バス停を間違えたのか、今日は臨時休業なのか、理由はさっぱりわからない。困り果てて、奈緒美さんに連絡をして、San Mamésの地下ターミナルからアチョンド方面行きの高速バスが出てるのでそれにのって、高速道路下まで迎えに来てくれることになった。海外でのバスは、なかなかスムーズにはいかない。日本でも高速バスに乗るのは、ちょっとドキドキするくらいだから、当たり前といえば当たり前か。

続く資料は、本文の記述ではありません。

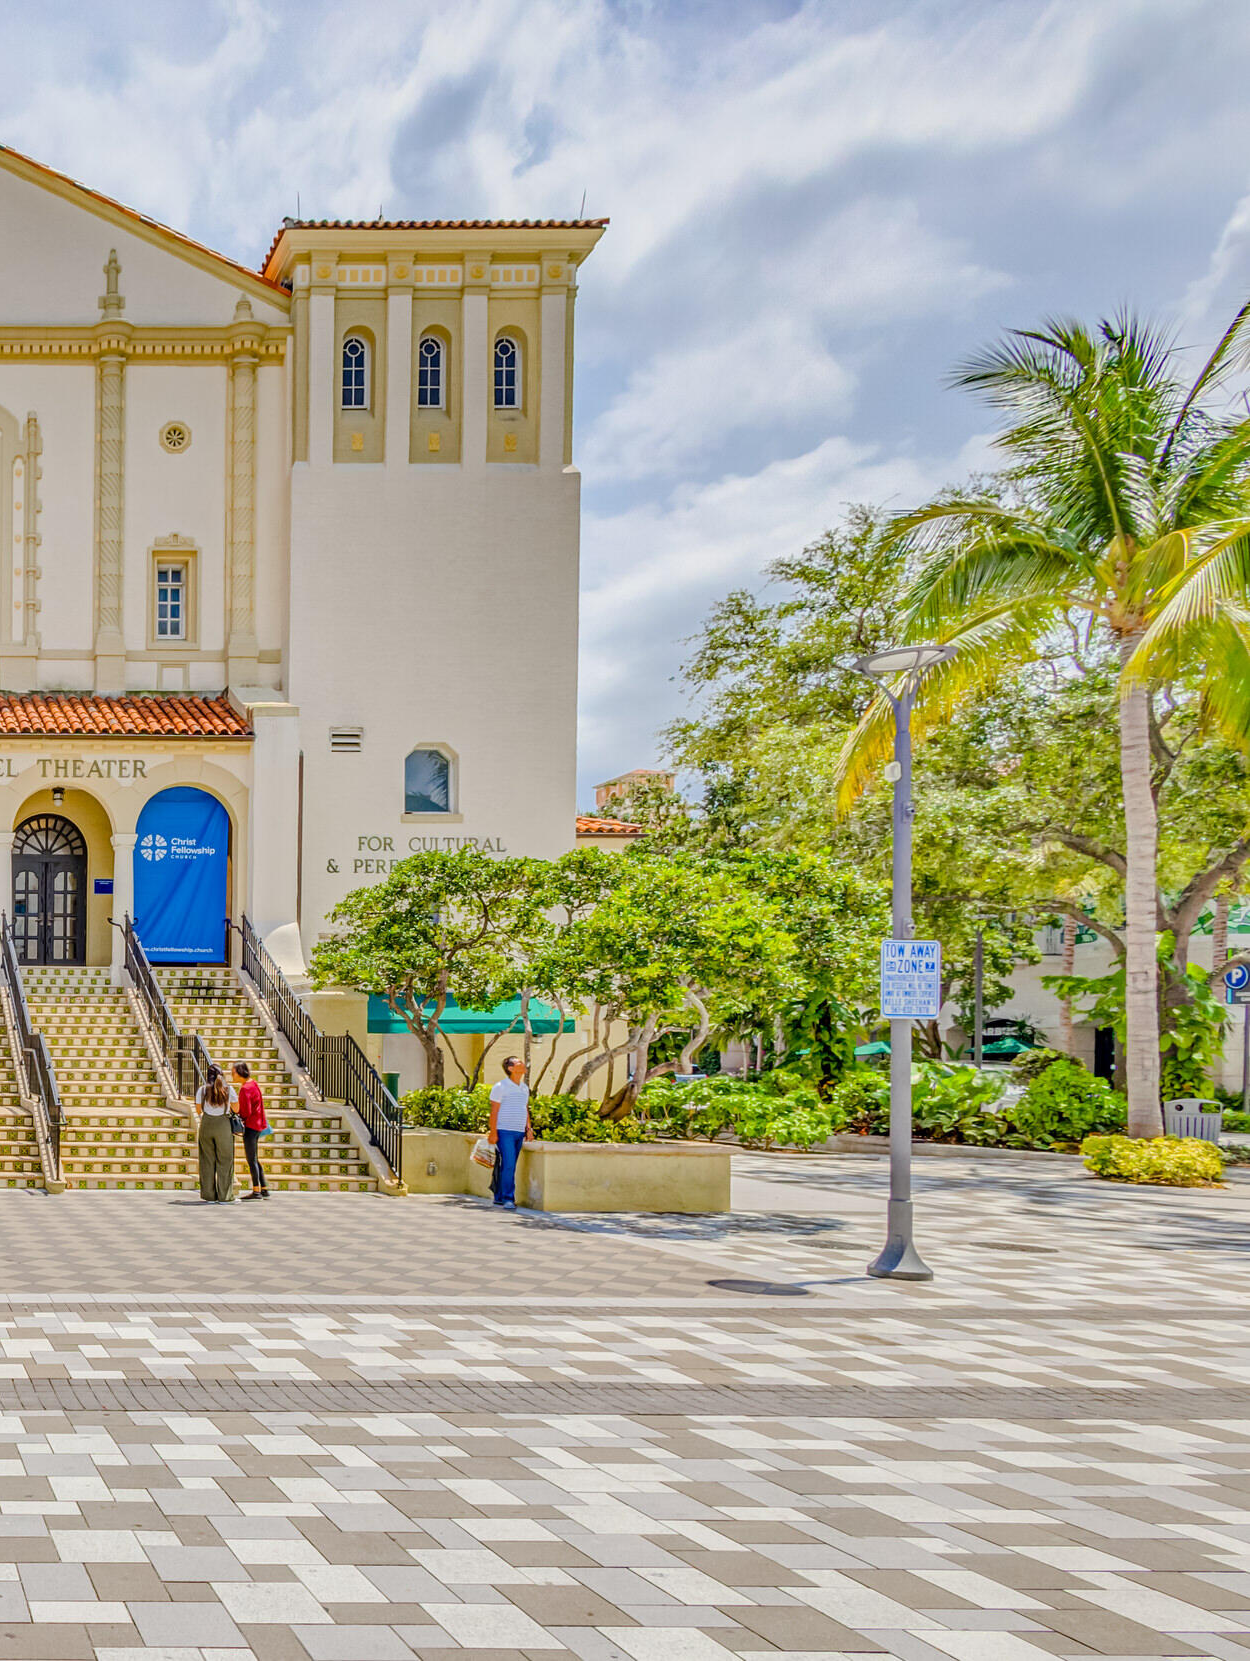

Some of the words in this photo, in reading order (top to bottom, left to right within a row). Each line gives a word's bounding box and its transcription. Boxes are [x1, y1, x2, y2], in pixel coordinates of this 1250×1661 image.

[36, 759, 148, 779] THEATER
[171, 838, 197, 846] Christ
[357, 836, 395, 852] FOR
[408, 837, 508, 852] CULTURAL
[171, 846, 216, 856] Fellowship
[326, 858, 340, 874] &
[885, 944, 906, 958] TOW
[910, 945, 936, 958] AWAY
[897, 959, 924, 974] ZONE
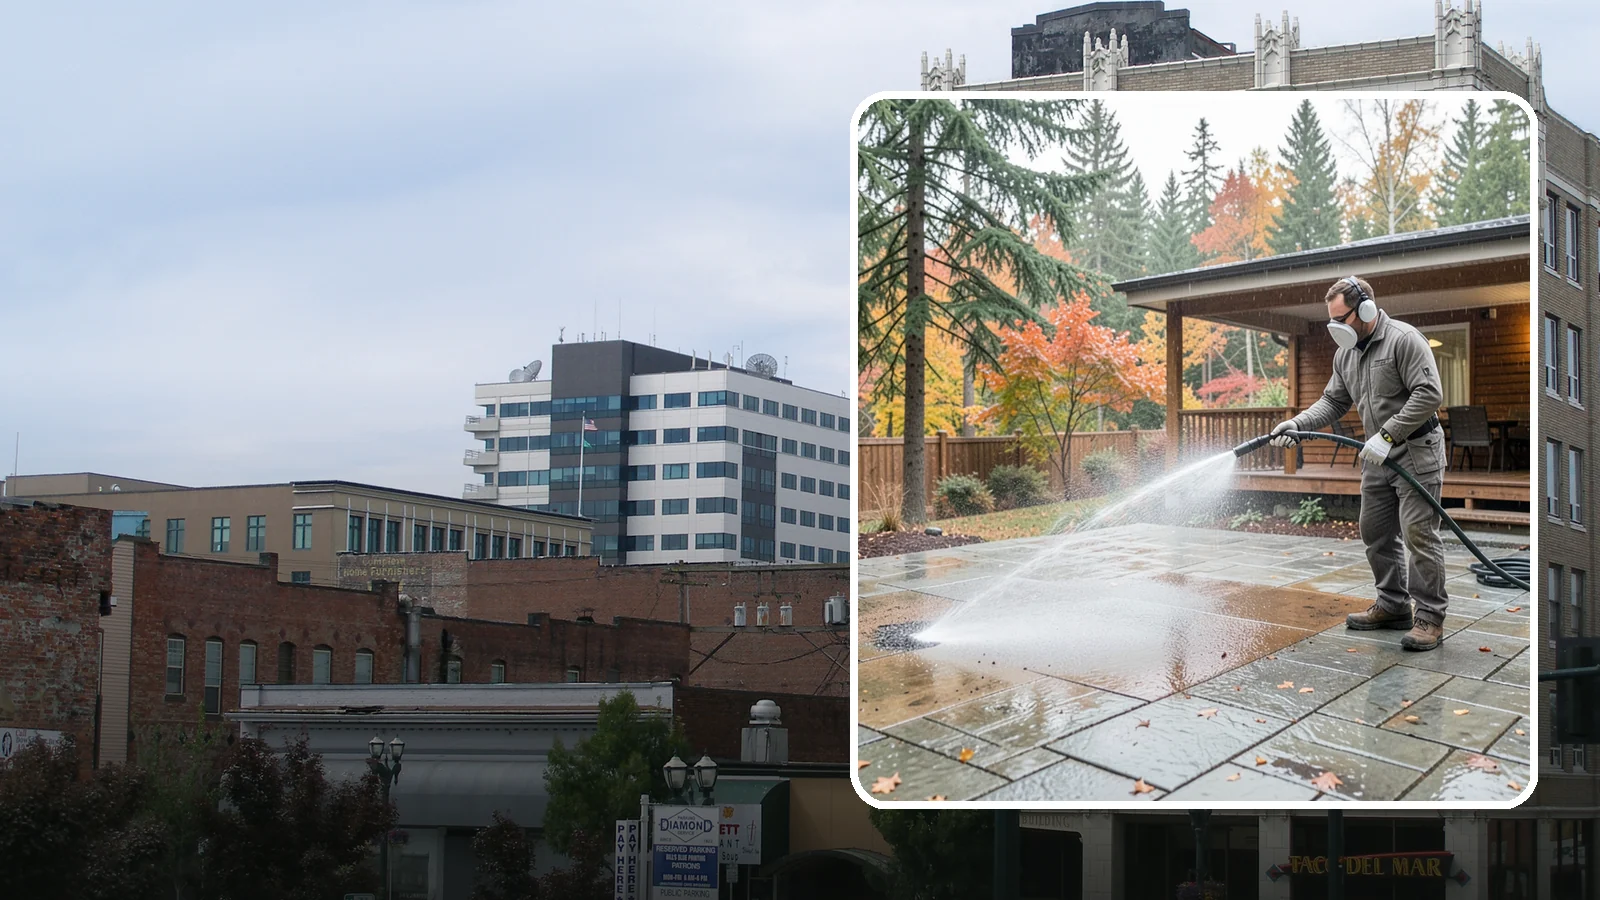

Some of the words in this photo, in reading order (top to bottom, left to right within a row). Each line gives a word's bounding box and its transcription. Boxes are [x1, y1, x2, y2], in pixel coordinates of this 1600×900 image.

[343, 568, 367, 577] Home
[370, 566, 427, 577] Furnishers
[660, 818, 713, 833] DIAMOND
[1022, 815, 1069, 828] BUILDING
[719, 824, 740, 835] ETT
[617, 825, 625, 852] PAY
[628, 824, 637, 852] PAY
[719, 839, 740, 848] ANT
[656, 845, 688, 853] RESERVED
[689, 846, 716, 854] PARKING
[721, 851, 739, 862] Soup
[671, 862, 701, 870] PATRONS
[1290, 855, 1329, 874] TAC
[1346, 856, 1385, 876] DEL
[1392, 857, 1442, 877] MAR
[616, 856, 625, 893] HERE
[627, 855, 637, 893] HERE
[660, 888, 682, 897] PUBLIC
[683, 889, 710, 898] PARKING

バスク最終日は、tixspaの厨房で最後のディナー。元薪鳥新神戸のはまちゃんが焼き鳥を焼いてれた。「バスクに来たのに焼き鳥でいいんですか?」と哲郎さんは心配してくれたが、どこかに食べにいくよりも、最後の時間をのんびり他愛もなく過ごしたいというのが、3人の希望だった。焼き鳥こそ最高の晩餐なのである。

さやさんがデザートまで用意してくれた。

哲郎さんはもちろん、Txsipaのスタッフ3人に、奈緒美さんと小春ちゃんの前田ファミリーも来てくれて賑やかにすごす。料理の話とか、新店舗の話とかしながら5日の振り返る。

翌日、朝4時に起きるためにも飲みすぎないようにと自制心と、もう少し飲みたいという悪魔のささやきの板挟みにあいながらも、楽しい時間を最後に過ごすことができた。